A penumbral lunar eclipse will occur at the Moon’s descending node of orbit on Friday, July 16, 2038, with an umbral magnitude of −0.4938. A lunar eclipse occurs when the Moon moves into the Earth's shadow, causing the Moon to be darkened. A penumbral lunar eclipse occurs when part or all of the Moon's near side passes into the Earth's penumbra. Unlike a solar eclipse, which can only be viewed from a relatively small area of the world, a lunar eclipse may be viewed from anywhere on the night side of Earth. Occurring about 4.9 days before perigee (on July 11, 2038, at 15:35 UTC), the Moon's apparent diameter will be larger.

This eclipse will be the third of four penumbral lunar eclipses in 2038, with the others occurring on January 21, June 17, and December 11.

== Visibility ==
The eclipse will be completely visible over Australia, Antarctica, and the Pacific Ocean, seen rising over east Asia and setting over North and South America.

== Eclipse details ==
Shown below is a table displaying details about this particular lunar eclipse. It describes various parameters pertaining to this eclipse.
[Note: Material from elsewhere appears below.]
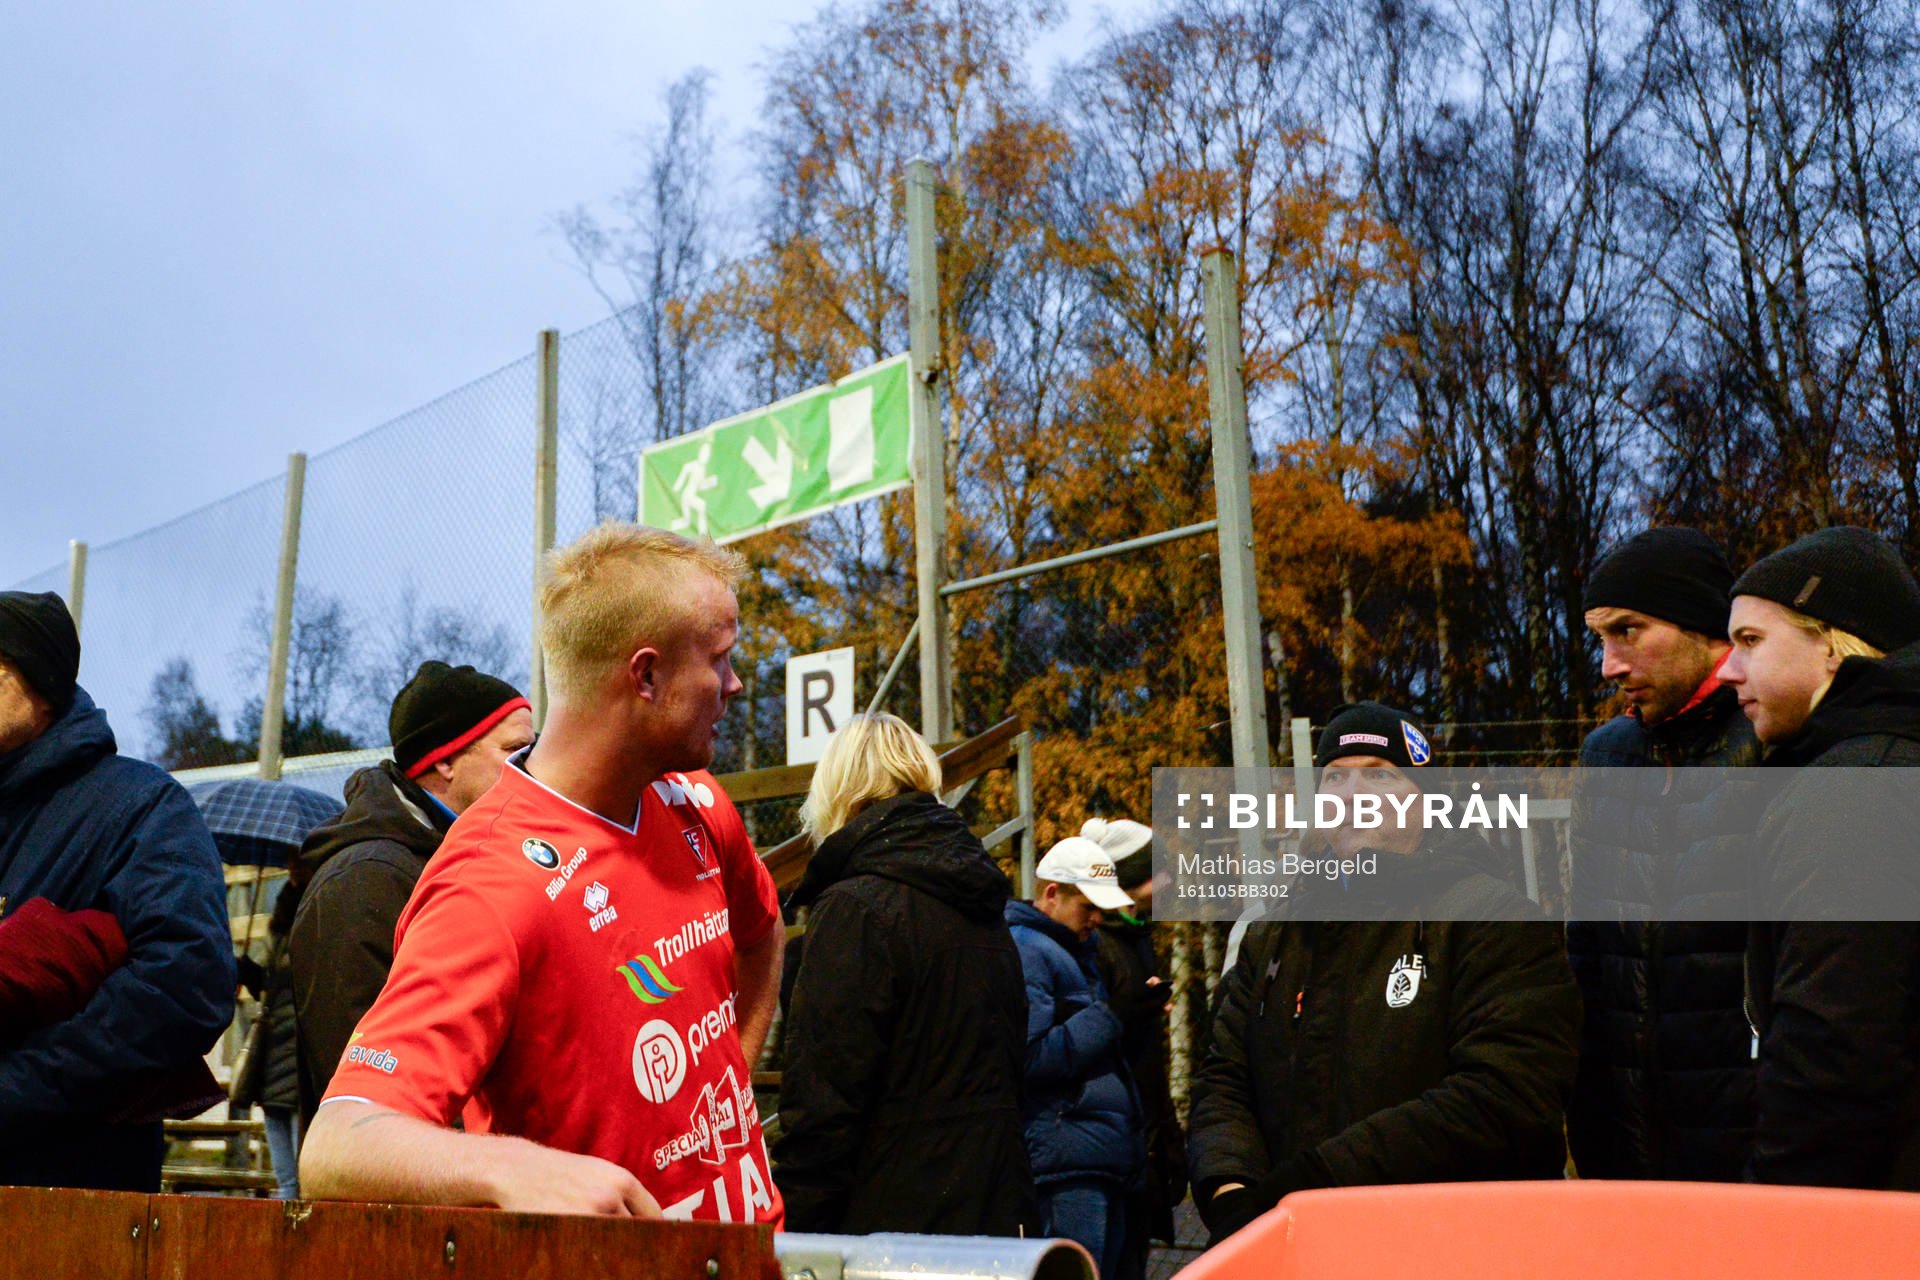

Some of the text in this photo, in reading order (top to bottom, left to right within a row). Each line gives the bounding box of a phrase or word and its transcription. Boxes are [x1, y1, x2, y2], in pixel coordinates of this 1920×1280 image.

July 16, 2038 Lunar Eclipse Parameters
| Parameter | Value |
|---|---|
| Penumbral Magnitude | 0.50125 |
| Umbral Magnitude | −0.49383 |
| Gamma | −1.28381 |
| Sun Right Ascension | 07h43m47.7s |
| Sun Declination | +21°17'34.6" |
| Sun Semi-Diameter | 15'44.2" |
| Sun Equatorial Horizontal Parallax | 08.7" |
| Moon Right Ascension | 19h44m13.1s |
| Moon Declination | -22°31'51.1" |
| Moon Semi-Diameter | 15'48.9" |
| Moon Equatorial Horizontal Parallax | 0°58'02.4" |
| ΔT | 78.3 s |

== Eclipse season ==

This eclipse is part of an eclipse season, a period, roughly every six months, when eclipses occur. Only two (or occasionally three) eclipse seasons occur each year, and each season lasts about 35 days and repeats just short of six months (173 days) later; thus two full eclipse seasons always occur each year. Either two or three eclipses happen each eclipse season. In the sequence below, each eclipse is separated by a fortnight. The first and last eclipse in this sequence is separated by one synodic month.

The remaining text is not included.